### Supplied records
-=-=-=-=-

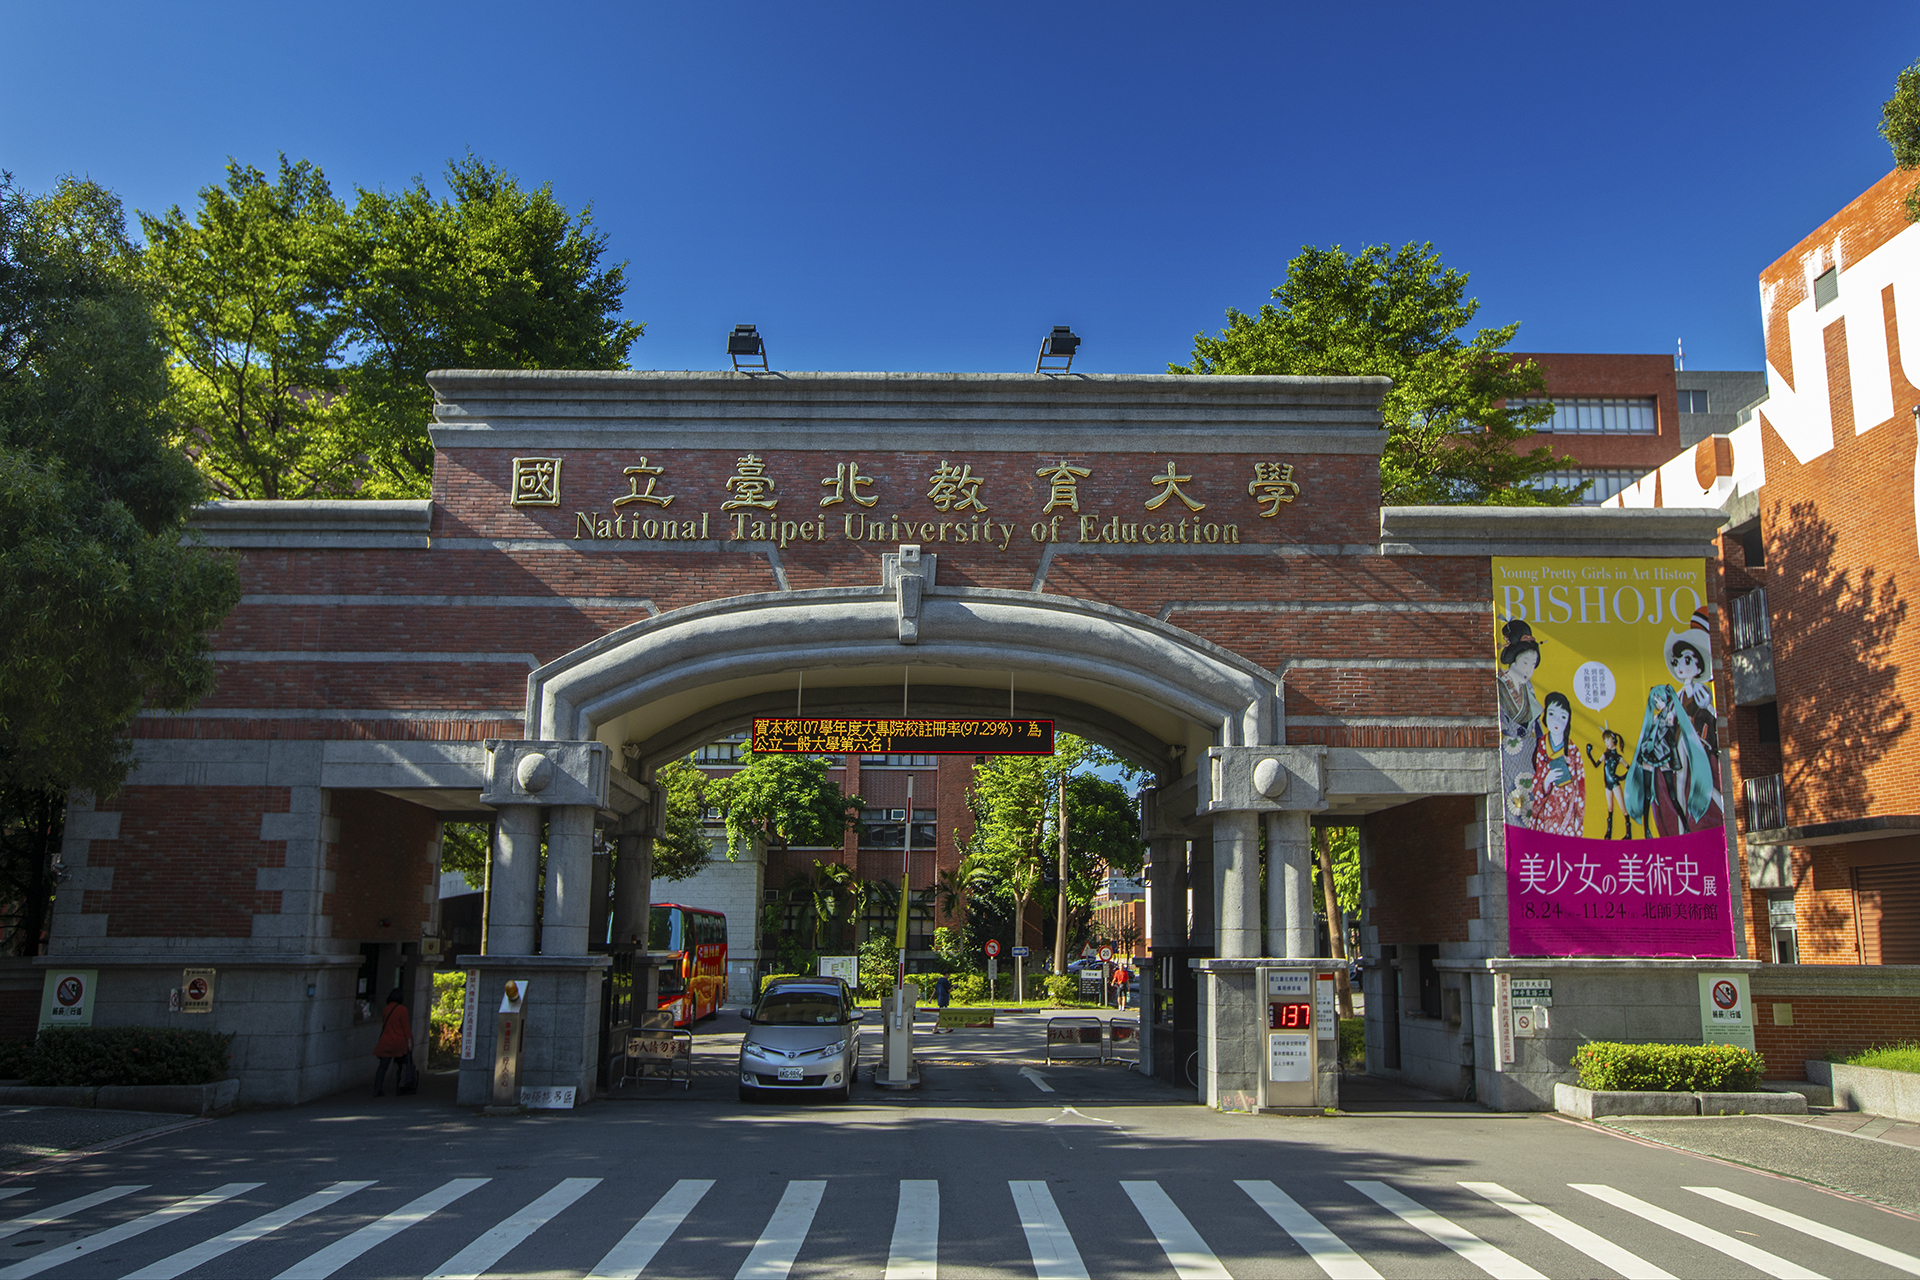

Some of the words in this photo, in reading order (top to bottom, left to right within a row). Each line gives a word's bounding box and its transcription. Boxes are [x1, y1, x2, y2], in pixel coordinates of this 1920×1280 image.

[510, 453, 1300, 518] 國立臺北教育大學
[574, 511, 710, 541] National
[729, 511, 826, 549] Taipei
[844, 512, 1016, 551] University
[1031, 515, 1064, 543] of
[1078, 514, 1240, 544] Education
[1500, 566, 1538, 583] Young
[1542, 566, 1578, 583] Pretty
[1582, 566, 1611, 580] Girls
[1615, 567, 1627, 580] in
[1631, 567, 1650, 580] Art
[1654, 567, 1698, 584] History
[1500, 585, 1702, 625] BISHOJO
[1519, 852, 1718, 897] 美少女の美術史展
[1525, 901, 1563, 919] 8.24
[1642, 901, 1719, 921] 北師美術館
[1102, 949, 1109, 957] 20
[1282, 1004, 1311, 1027] 137
[629, 1040, 687, 1055] 行人請勿穿越
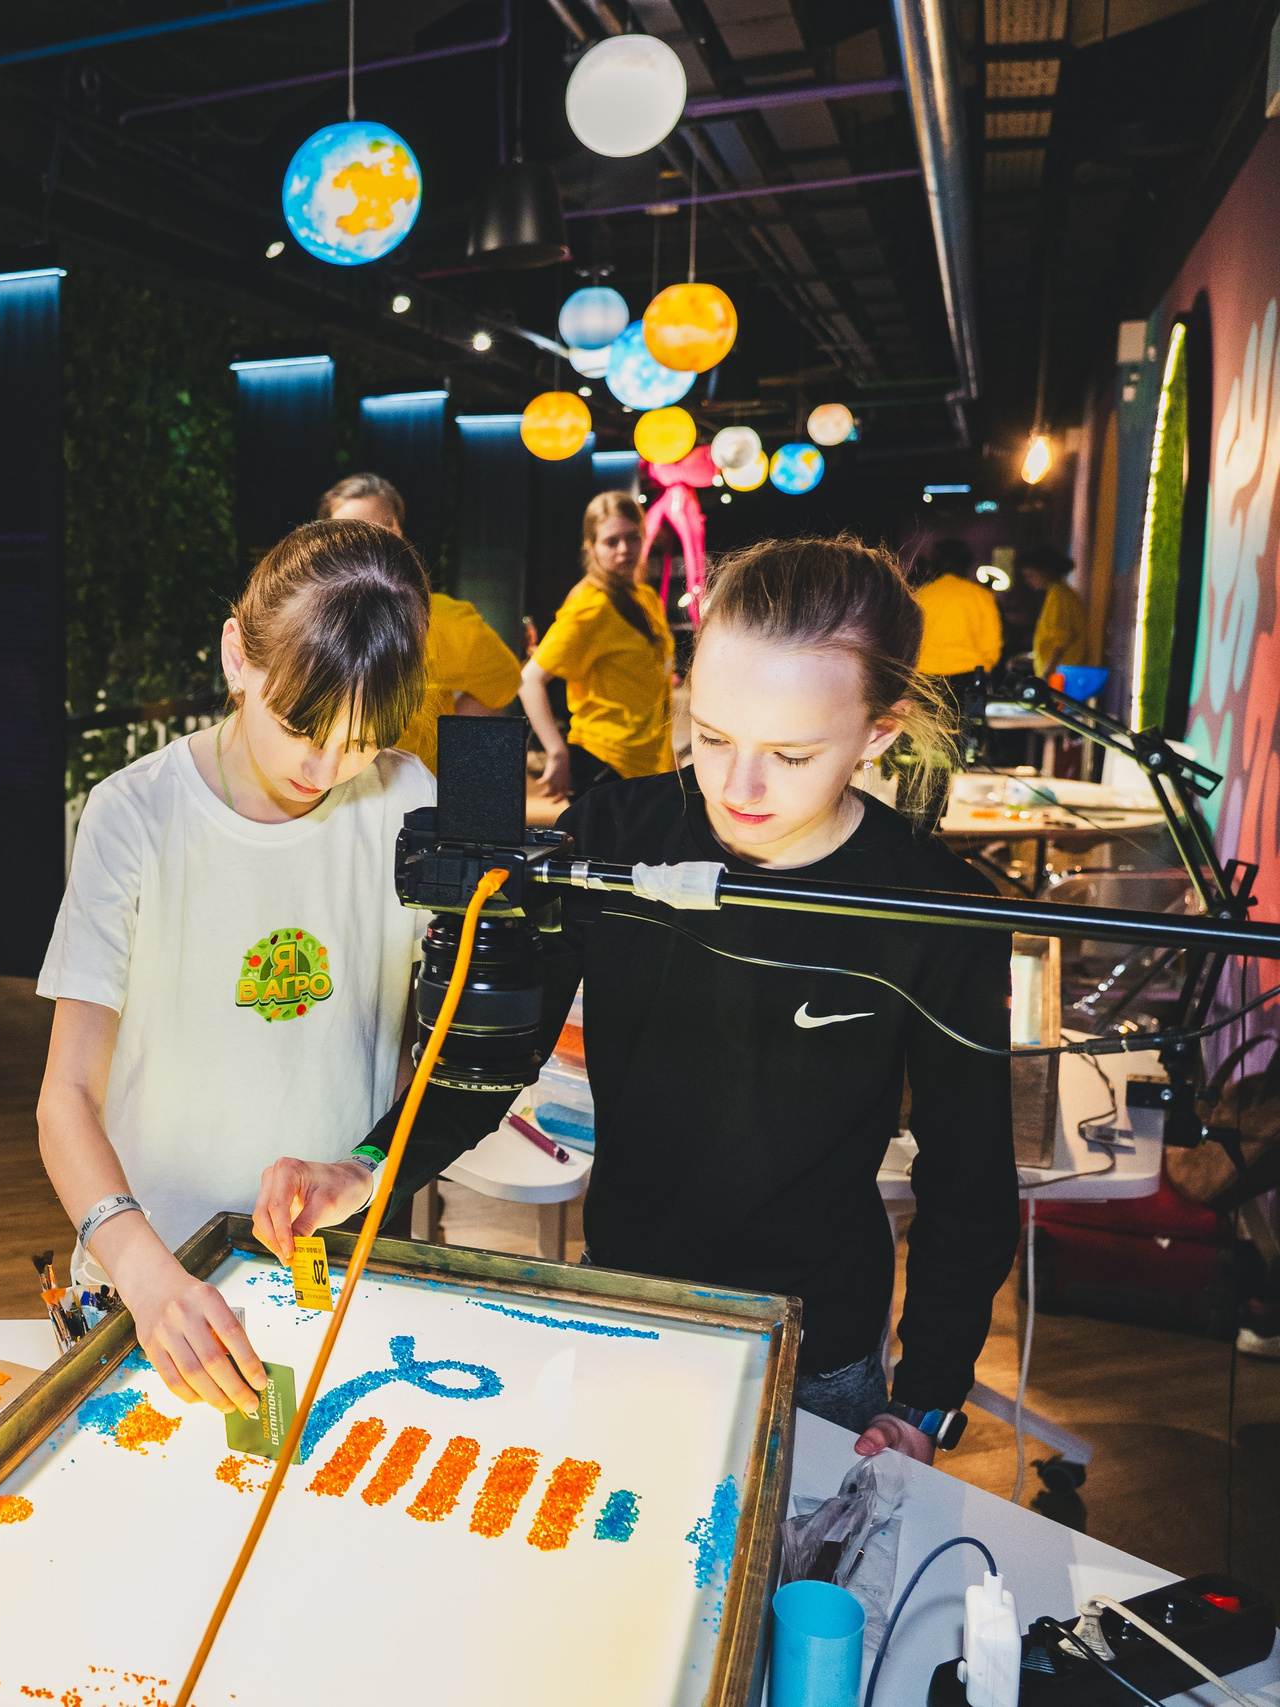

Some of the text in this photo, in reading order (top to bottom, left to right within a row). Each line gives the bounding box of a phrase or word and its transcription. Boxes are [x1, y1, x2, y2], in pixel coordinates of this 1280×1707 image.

[274, 944, 296, 976] Я
[240, 974, 330, 1001] В АГРО
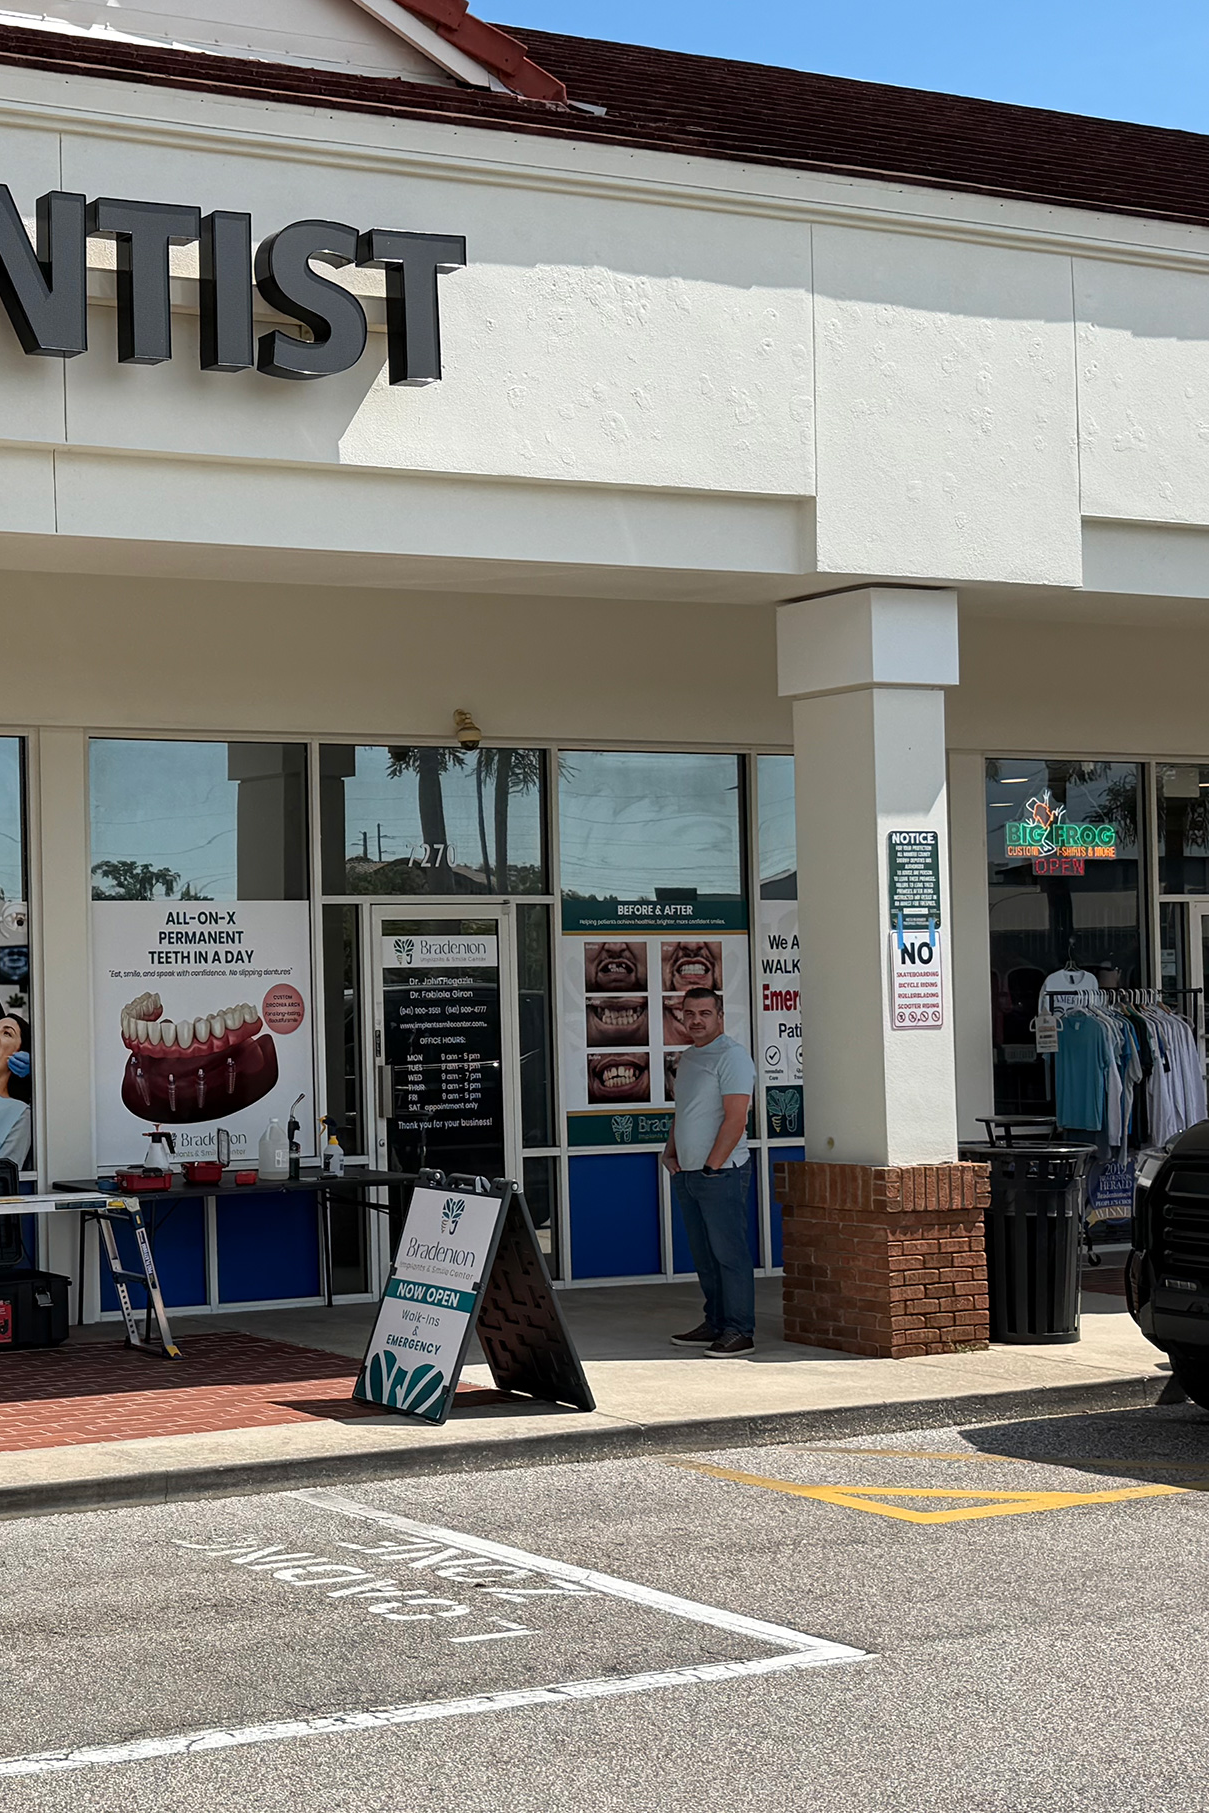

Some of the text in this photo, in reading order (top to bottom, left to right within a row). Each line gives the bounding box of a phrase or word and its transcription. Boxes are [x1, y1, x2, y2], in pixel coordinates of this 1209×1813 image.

-=-=-=-=-

### Task
Leave out the pictures, then return every line of the data exactly.

### Answer below
Some of the words in this photo, in reading order (top to bottom, left to right within a row). Each line gives a word's bounding box and its transcription. Boxes are [x1, y1, x2, y2], in pixel coordinates of this 1920×1280 image.

[510, 453, 1300, 518] 國立臺北教育大學
[574, 511, 710, 541] National
[729, 511, 826, 549] Taipei
[844, 512, 1016, 551] University
[1031, 515, 1064, 543] of
[1078, 514, 1240, 544] Education
[1500, 566, 1538, 583] Young
[1542, 566, 1578, 583] Pretty
[1582, 566, 1611, 580] Girls
[1615, 567, 1627, 580] in
[1631, 567, 1650, 580] Art
[1654, 567, 1698, 584] History
[1500, 585, 1702, 625] BISHOJO
[1519, 852, 1718, 897] 美少女の美術史展
[1525, 901, 1563, 919] 8.24
[1642, 901, 1719, 921] 北師美術館
[1102, 949, 1109, 957] 20
[1282, 1004, 1311, 1027] 137
[629, 1040, 687, 1055] 行人請勿穿越

Some of the text in this photo, in reading order (top to bottom, left to right within a row). Each line gives the bounding box of a phrase or word and its transcription. Boxes are [x1, y1, x2, y2], in pixel coordinates of this 1280×1707 image.

[274, 944, 296, 976] Я
[240, 974, 330, 1001] В АГРО

Some of the text in this photo, in reading order (top to bottom, left to right within a row). Each line gives the bounding box of a phrase or word and its transcription. Boxes are [x1, y1, x2, y2], in pixel coordinates of this 1209×1813 image.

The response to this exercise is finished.